Silk Paintings - Ayutthaya

This silk painting belongs to a series called "Magic Landscapes" and was part of a solo exhibition in the BoxHeart Gallery in Pittsburgh.

The painting is a triptych, painted on 3 panels and was inspired by the ancient city of Ayutthaya in Thailand.


"Ayutthaya"
40" x 39"
silk, stitched

Ayutthaya is one of those special places which emanate an aura of magic and fascination ancient sites have in common. Ayutthaya (1350 - 1767) was once the golden capital of the ancient kingdom of Siam (Thailand) - a magical city with about one million inhabitants around 1700. It was destroyed by the Burmese and finally abandoned. Bangkok became the new capital.

Today nothing is left but ruins.
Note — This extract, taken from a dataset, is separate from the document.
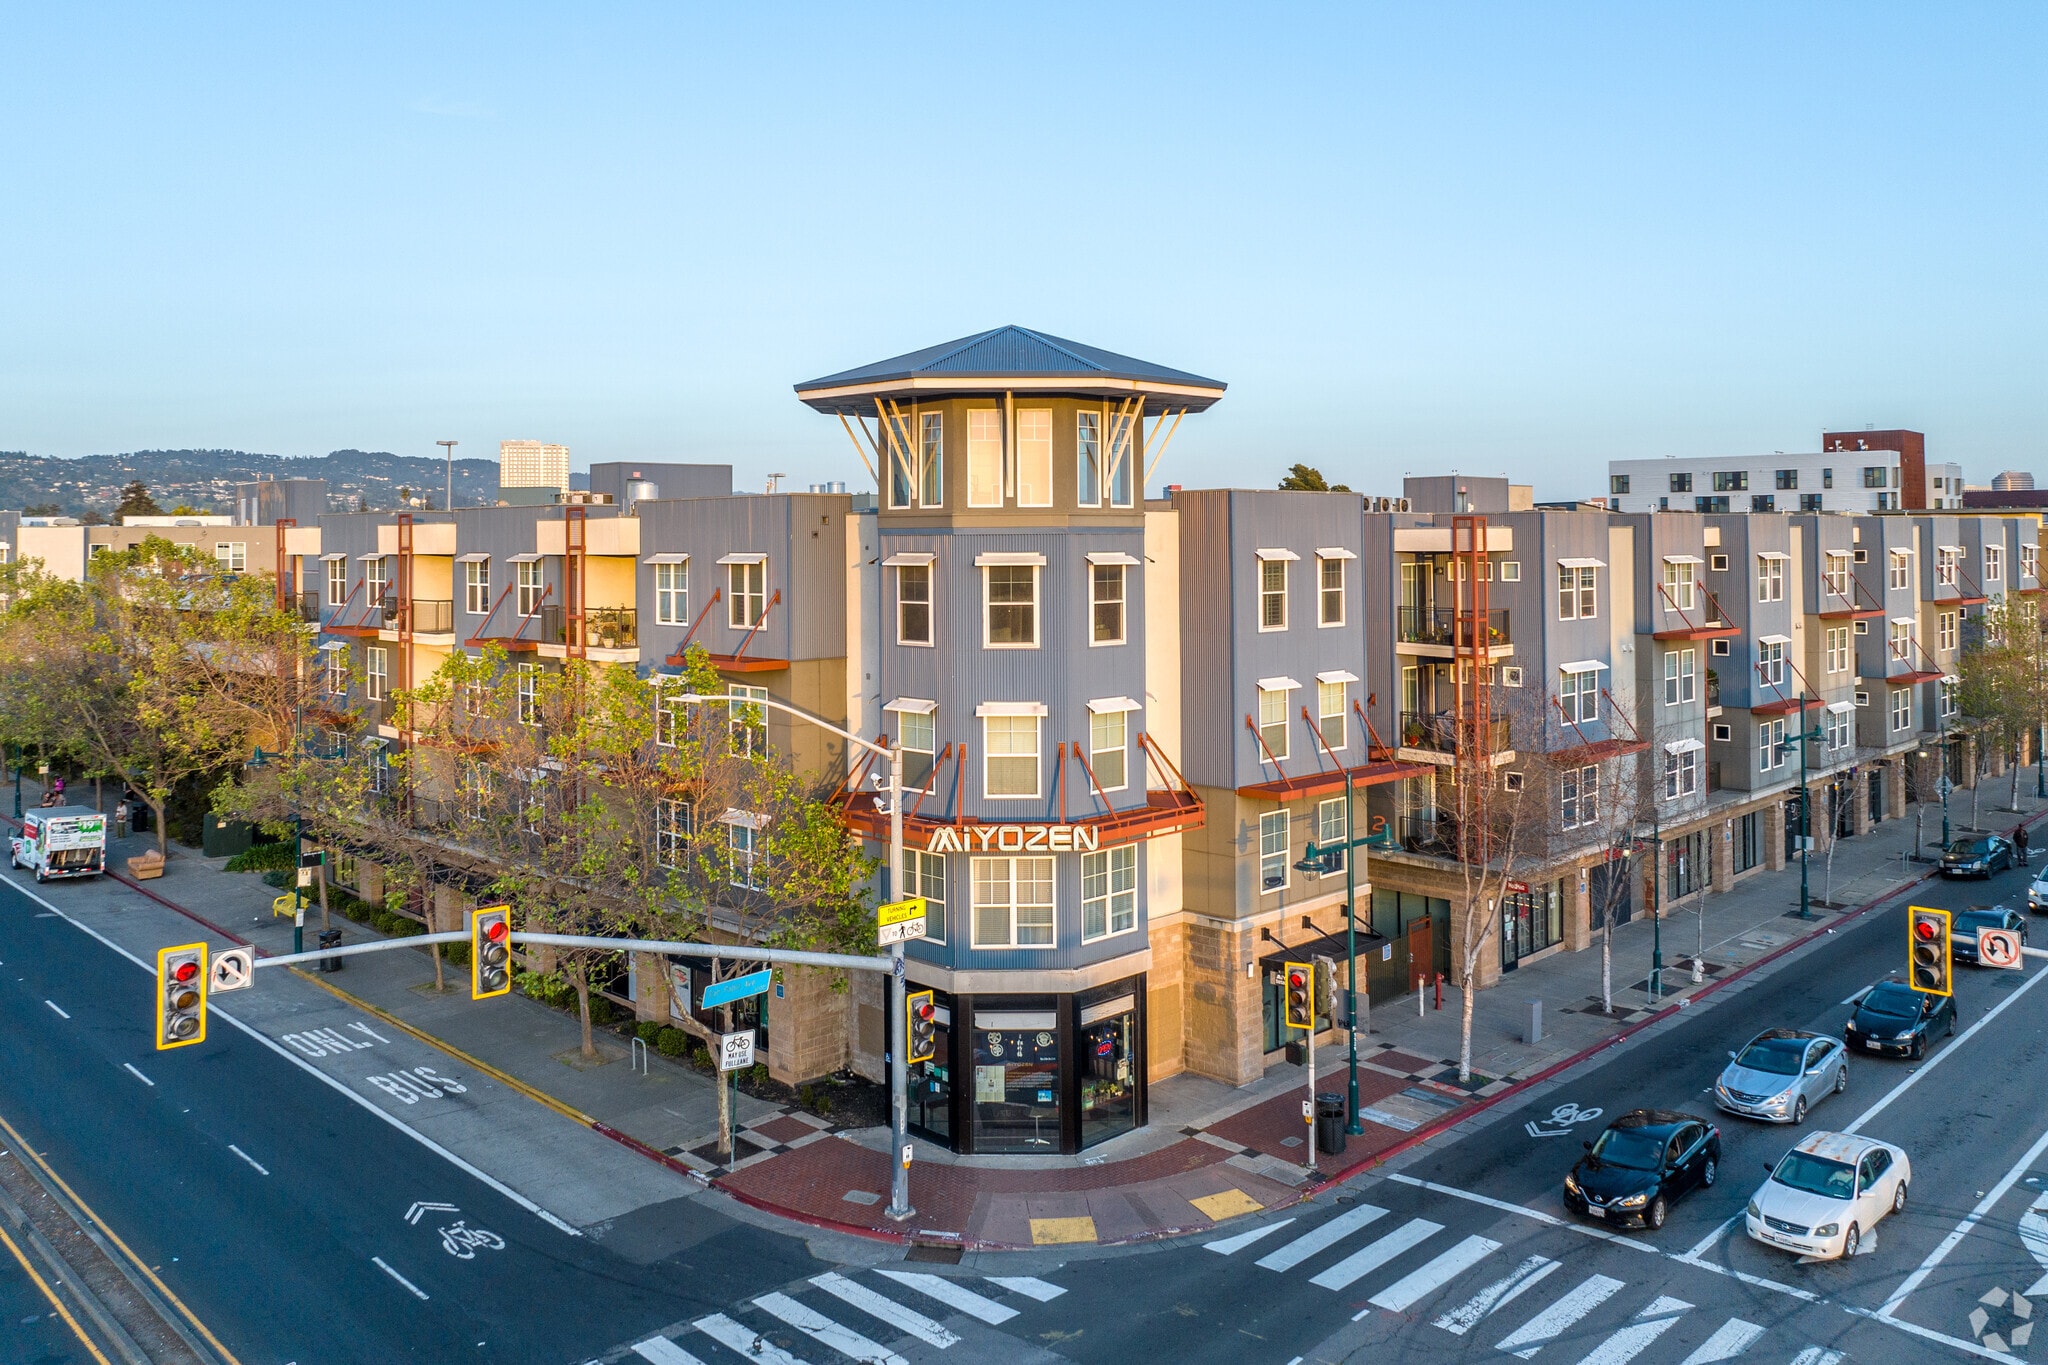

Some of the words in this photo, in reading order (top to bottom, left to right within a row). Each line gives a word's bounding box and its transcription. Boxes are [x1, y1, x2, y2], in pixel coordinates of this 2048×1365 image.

Only hundreds of Buddha statues, partially intact or restored, prangs (reliquary towers) and monasteries, which form the Ayutthaya historical park, create a place of great magic and belong to the UNESCO World Heritage.

Here are some additional details:







The silk is mounted on stretcher bars and gallery wrapped (stapled on the back - sides are painted). The panels are ready to be hung.

As the painting's reverse sides are protected by 2 other layer of fabric, one a very thin polyester batting and another fabric as backing stability is guaranteed. These silk paintings do not request different handling than oils or other artwork: dry environment and no direct sunlight. I have silk paintings on my walls since many years which look fresh and new as if just created. You can contact my gallery in Pittsburgh for reference.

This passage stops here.